If you sign an arbitration clause in a nursing home admission contract, you will have little recourse if your loved one is neglected or abused. Your access to the court and the justice system, a fundamental right, will have been signed away with this clause—often, without your knowledge or understanding.

Arbitration is not inherently bad, and people are free to agree to arbitrate just about anything they could litigate. Often, arbitration results in fewer expensive, drawn out lawsuits, especially in a commercial setting. However, nursing homes have stacked the odds in their favor by inserting language into their intake contracts that makes arbitration mandatory and binding instead of optional and non-binding. Should a dispute arise, this clause means your ability to seek damages and notify the community about the nursing home’s behavior is taken away.

Even worse, the arrangement encourages arbitrators, who naturally want repeat business, to rule in favor of the nursing home –no matter how egregious the neglect. If only the nursing home can choose the arbitrator, how likely is it for the arbitrator to remain neutral? Not all arbitrators are or will be biased, but the potential for abuse exists.

The Harvey Law Firm suggests that families admitting a loved one to a nursing home not sign the arbitration agreement or insist that a new contract be written that, at a minimum, makes arbitration optional and non-binding. Also, if you are drafting or revising a power of attorney for healthcare or legal and financial matters, you can include a clause stating that the power of attorney does not have the authority to agree to binding arbitration on your behalf.
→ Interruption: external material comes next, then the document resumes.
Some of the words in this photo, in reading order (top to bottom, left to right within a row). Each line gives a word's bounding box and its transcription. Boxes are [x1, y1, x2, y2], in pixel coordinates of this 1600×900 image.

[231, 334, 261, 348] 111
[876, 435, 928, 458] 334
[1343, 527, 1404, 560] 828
These are the best ways to preserve your rights. Also, please know that if your loved one is already a resident of a nursing home facility, and the facility tries to get them to sign a binding arbitration clause, federal law prohibits the facility from discharging the resident if he or she refuses to sign it.
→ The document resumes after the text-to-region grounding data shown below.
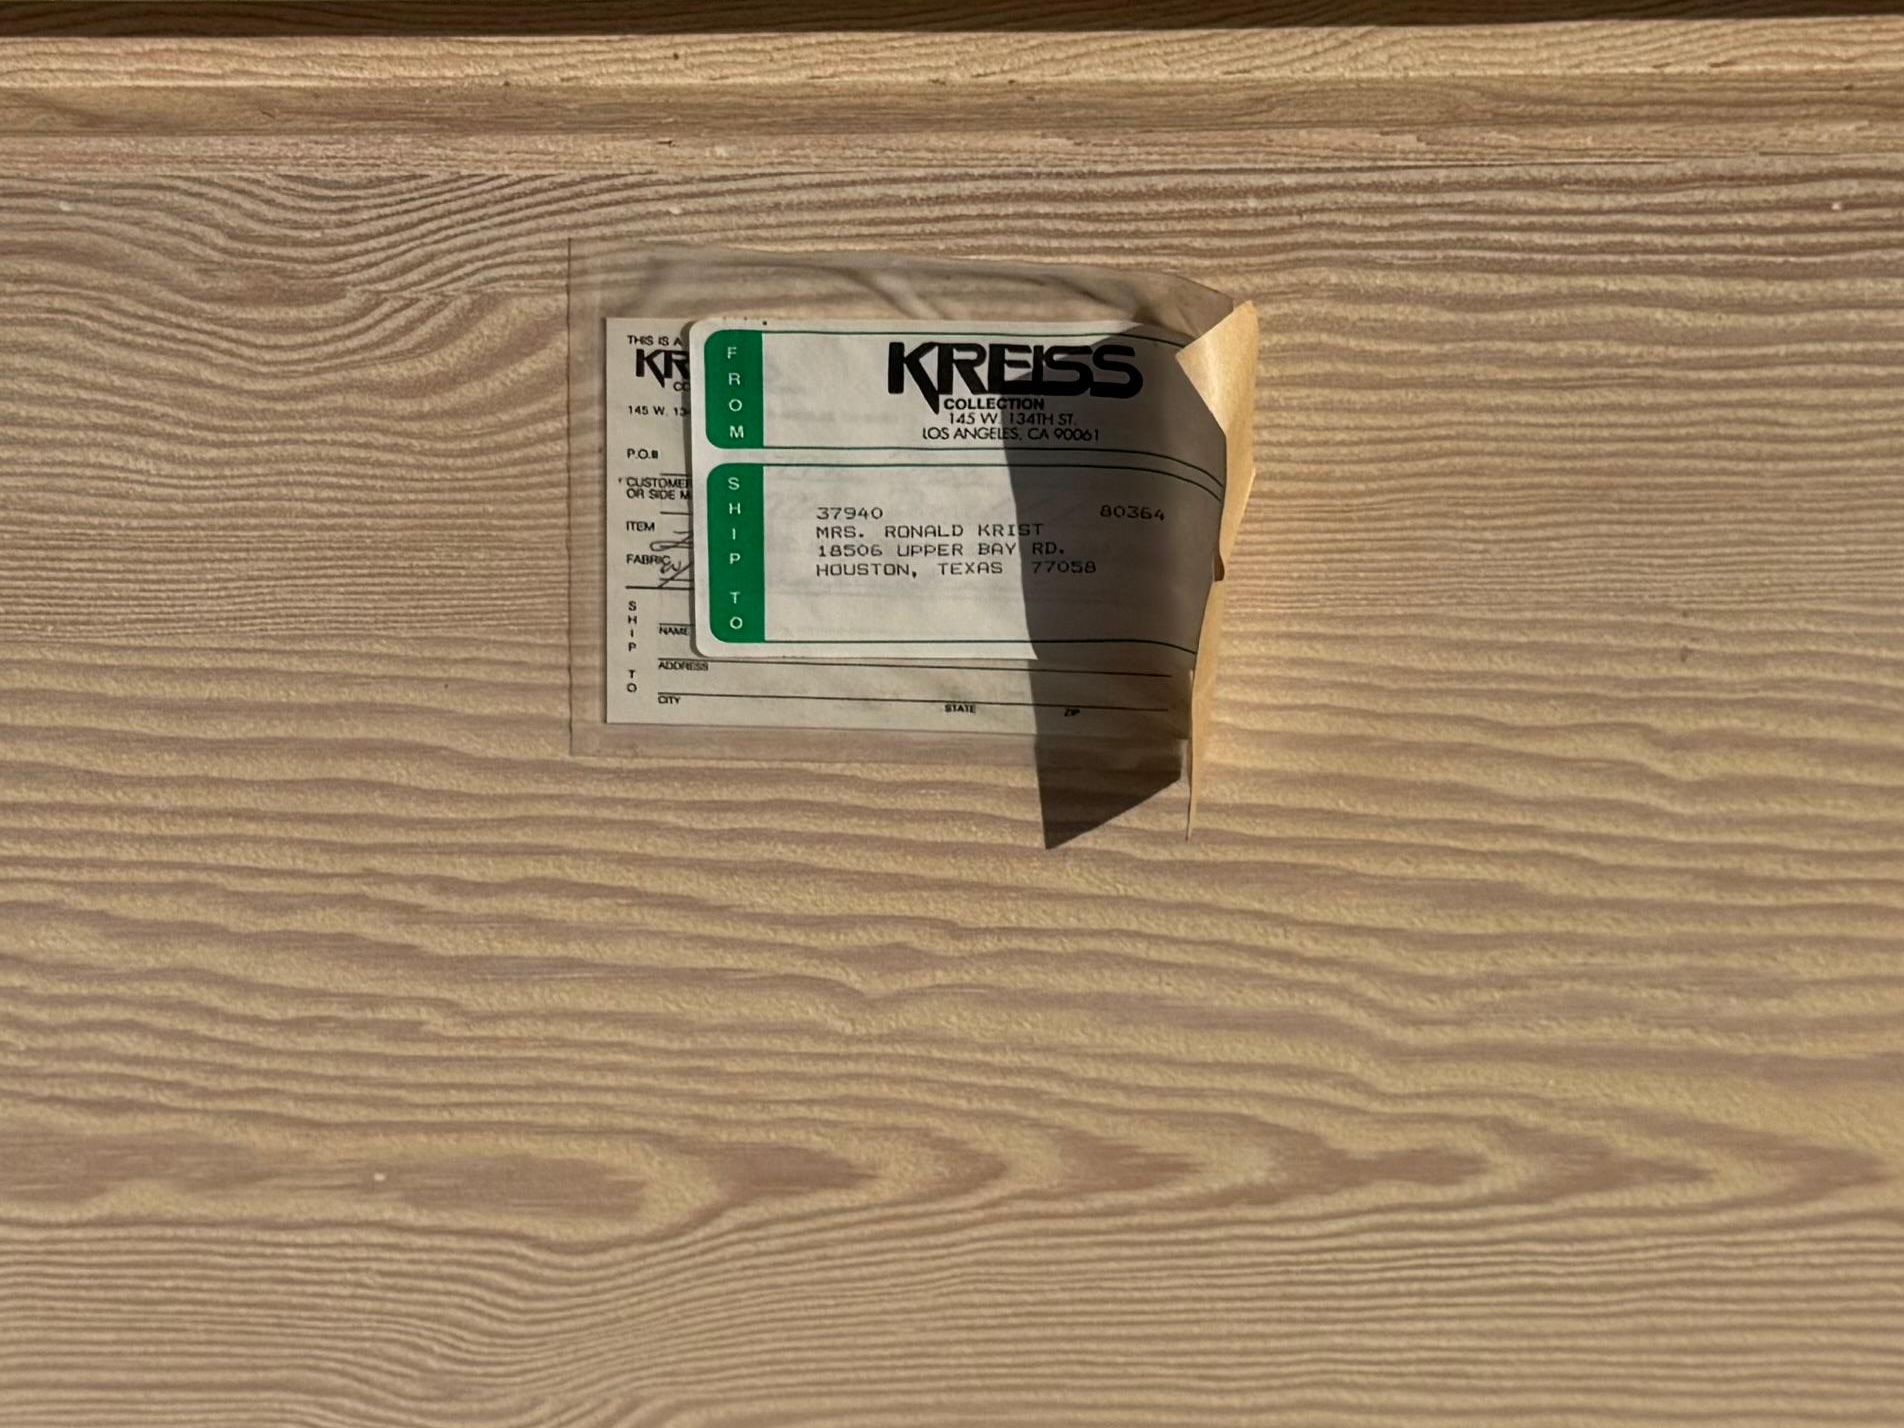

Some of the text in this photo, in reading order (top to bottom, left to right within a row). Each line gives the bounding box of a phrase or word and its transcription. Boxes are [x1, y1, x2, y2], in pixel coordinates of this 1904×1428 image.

[627, 335, 683, 346] THIS IS A
[887, 341, 1144, 415] KREISS
[727, 346, 744, 439] FROM
[628, 405, 649, 415] 145
[944, 398, 1044, 410] COLLECTION
[949, 413, 975, 425] 145
[1009, 413, 1053, 426] 134TH
[923, 427, 950, 440] LOS
[1027, 427, 1049, 440] CA
[1055, 428, 1099, 442] 90061
[626, 489, 645, 499] OR
[649, 490, 675, 500] SIDE
[816, 504, 1165, 521] 37940 80364
[626, 521, 655, 532] ITEM
[816, 523, 1045, 539] MRS. RONALD KRIST
[728, 477, 743, 630] SHIP TO
[819, 541, 1064, 557] 18506 UPPER BAY RD.
[626, 554, 671, 565] FABRIC
[816, 560, 1096, 579] HOUSTON, TEXAS 77058
[659, 627, 689, 636] NAME
[658, 661, 709, 671] ADDRESS
[658, 696, 680, 705] CITY
[945, 704, 976, 714] STATE
Nursing Home Residents Should Keep Their Primary Care Doctors

Every nursing home resident has the right to choose her own doctor. A nursing home may ask you to consent to have the facility’s medical director be your new primary physician. But, a nursing home resident is not required to accept a facility’s medical director as her new doctor.

Please resist any idea that it will be more convenient for the medical director to be your doctor because he comes to the facility frequently. There are several reasons why you should keep your old doctor even though your new nursing home has a medical director that visits the facility frequently.

First, your doctor already knows you and your health conditions. Your old doctor may be able to remember that you didn’t always live in a nursing home or assisted living facility and may have a better sense of your ability to recover from illness or injury. This is a valuable perspective that a nursing home’s medical director may not have.

A nursing home’s medical director may have come to expect a certain turn-over rate for his nursing home patients and may not invest time or effort into a new relationship that he does not expect to last. In addition, a nursing home medical director probably feels some loyalty to the nursing home because it is a significant source of patients and business. Consciously or unconsciously, a medical director may be reluctant to criticize the nursing home’s care because he doesn’t want to jeopardize this source of business. You want a doctor whose primary loyalty is to you or your loved one and who will be your care advocate.

It is certainly possible that a doctor who is also a medical director will make a good primary care doctor. However, I have observed that some of the best advocates for better nursing home care for all residents are the doctors who visit just a few patients in the nursing home. These doctors simply tend to have higher expectations. You have a right to those higher expectations.